New data released by the University of Houston Hobby School of Public Affairs has unveiled the sharp divide between Texas on important issues such as abortion law.
Amid recent developments in the state’s strict new abortion law, as many as 50 percent of participants surveyed refrained from supporting its passing, while 46 percent showed support for it.
The law, in what became known as State House Bill 1280, yielded the sharp divide ensued in the state of Texas, with at least 77 percent of respondents reporting that the new restrictions on abortion would go too far upon enforcement.
Of the total respondents surveyed, 80 percent who opposed the new abortion law identified as Democrats, while 76 percent identified as Republicans.
The survey also found that more than half of all respondents, or 56 percent, came to a determination that abortion rights should extend to out-of-state travel to seek procedures if deemed necessary. 59 percent also believed that legislation to classify abortion as homicide should be opposed.

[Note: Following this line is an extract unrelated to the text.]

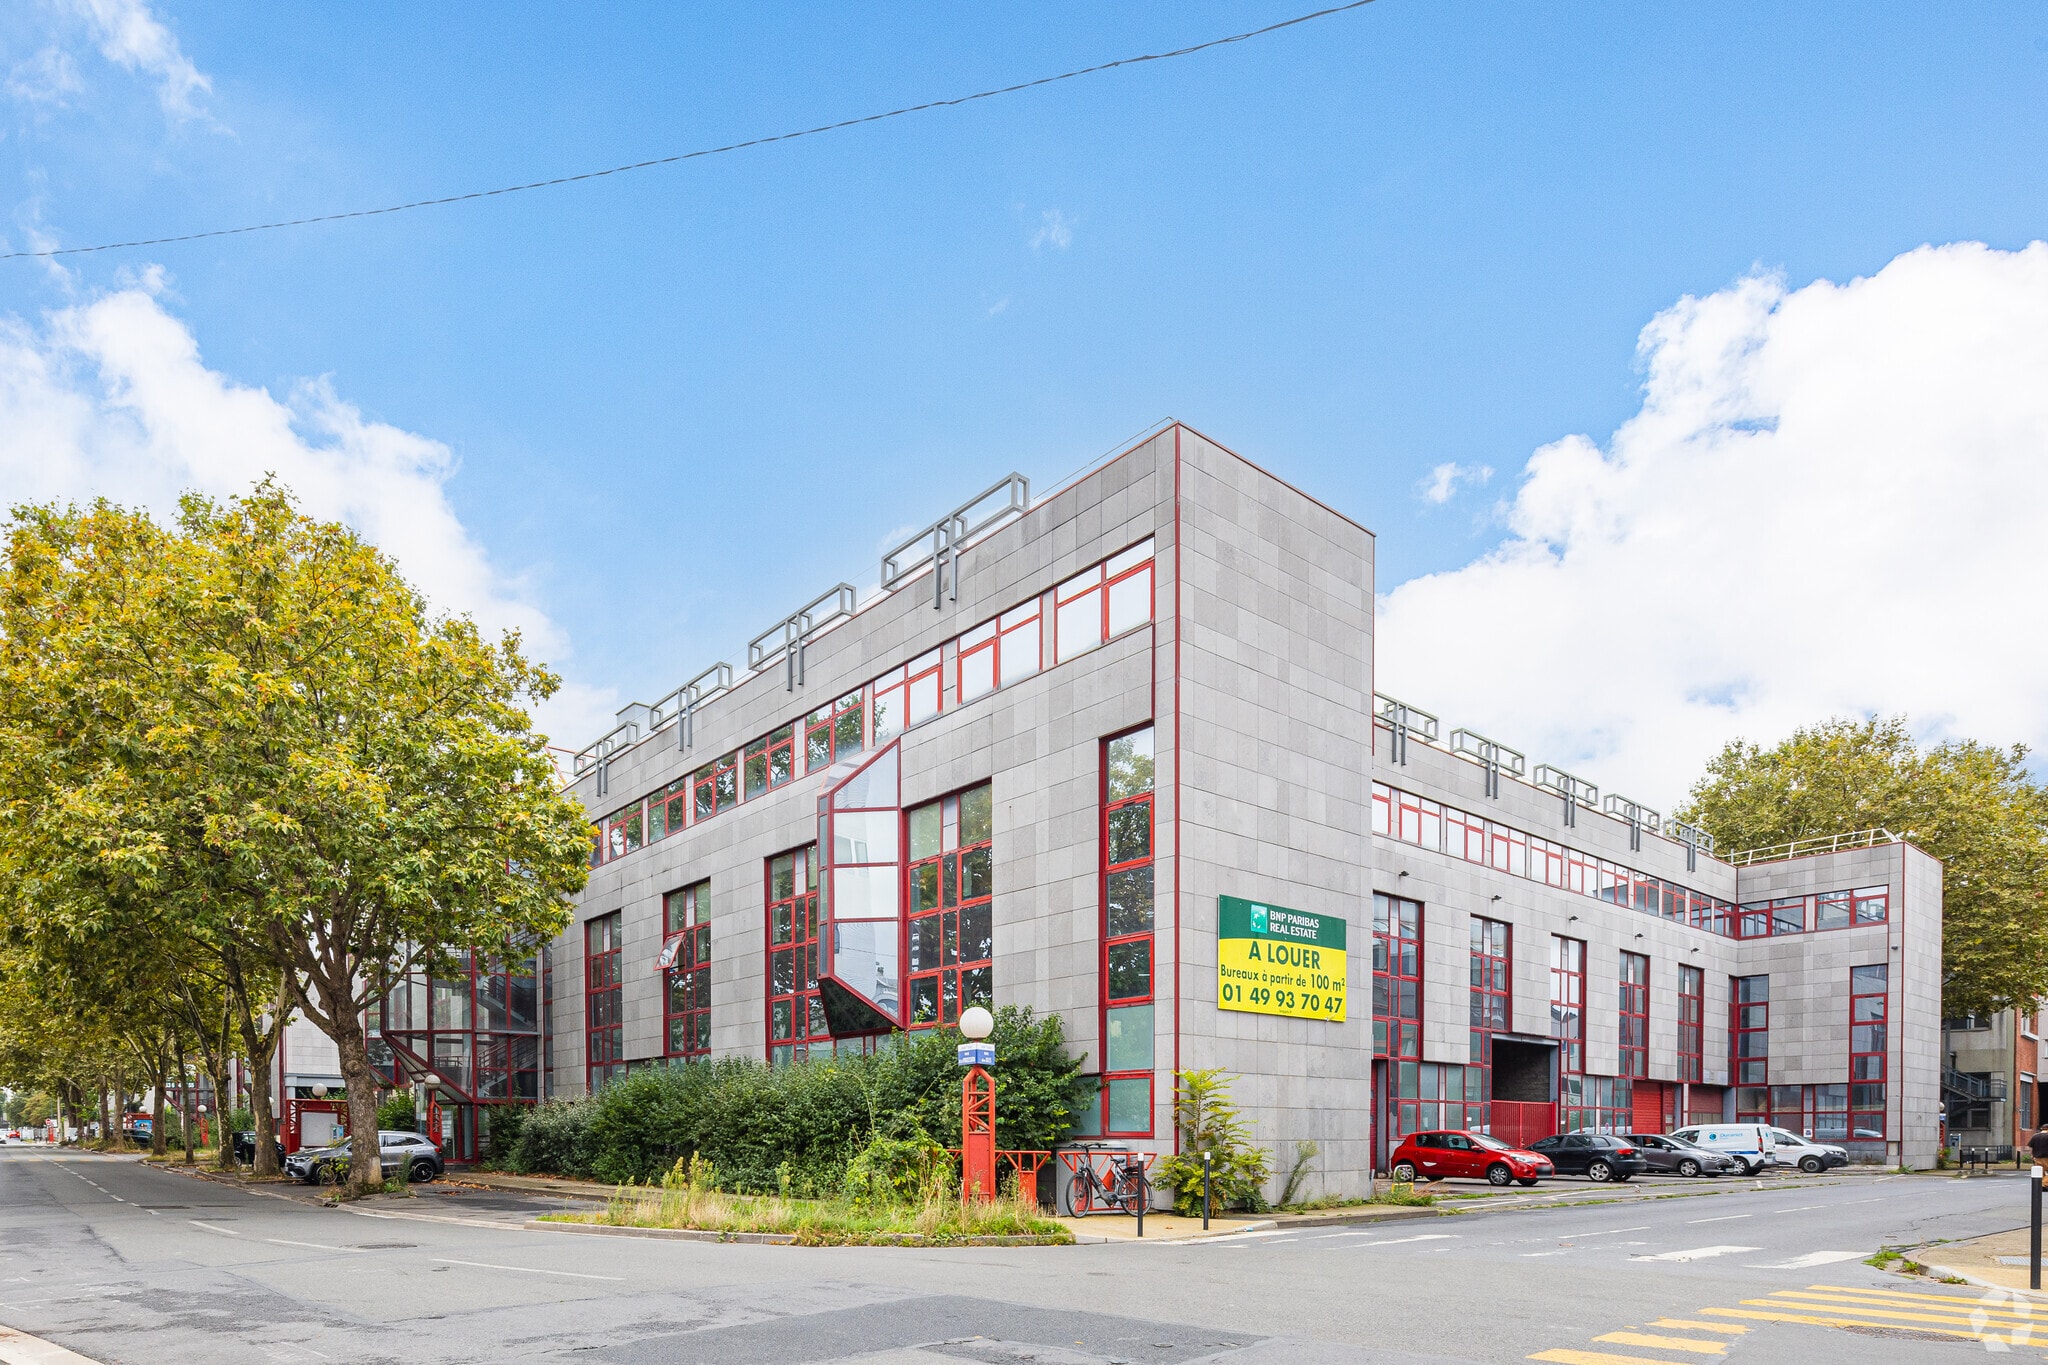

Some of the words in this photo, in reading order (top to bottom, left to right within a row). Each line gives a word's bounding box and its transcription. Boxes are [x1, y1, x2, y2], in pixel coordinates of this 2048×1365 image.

In a news release of the findings, Renée Cross, the executive director of the University of Houston Hobby School of Public Affairs, said the following: “Most Texans recognize that lawmakers need to address access to resources and a range of programs for pregnant women, and their babies and children, especially in the wake of these new restrictions.”
“Abortion will remain a divisive issue impacting public policy, health care, equality and the criminal justice system.”
The survey was carried out between June 17th and July 7th. It involved a sample of 1,169 registered voters from the state of Texas.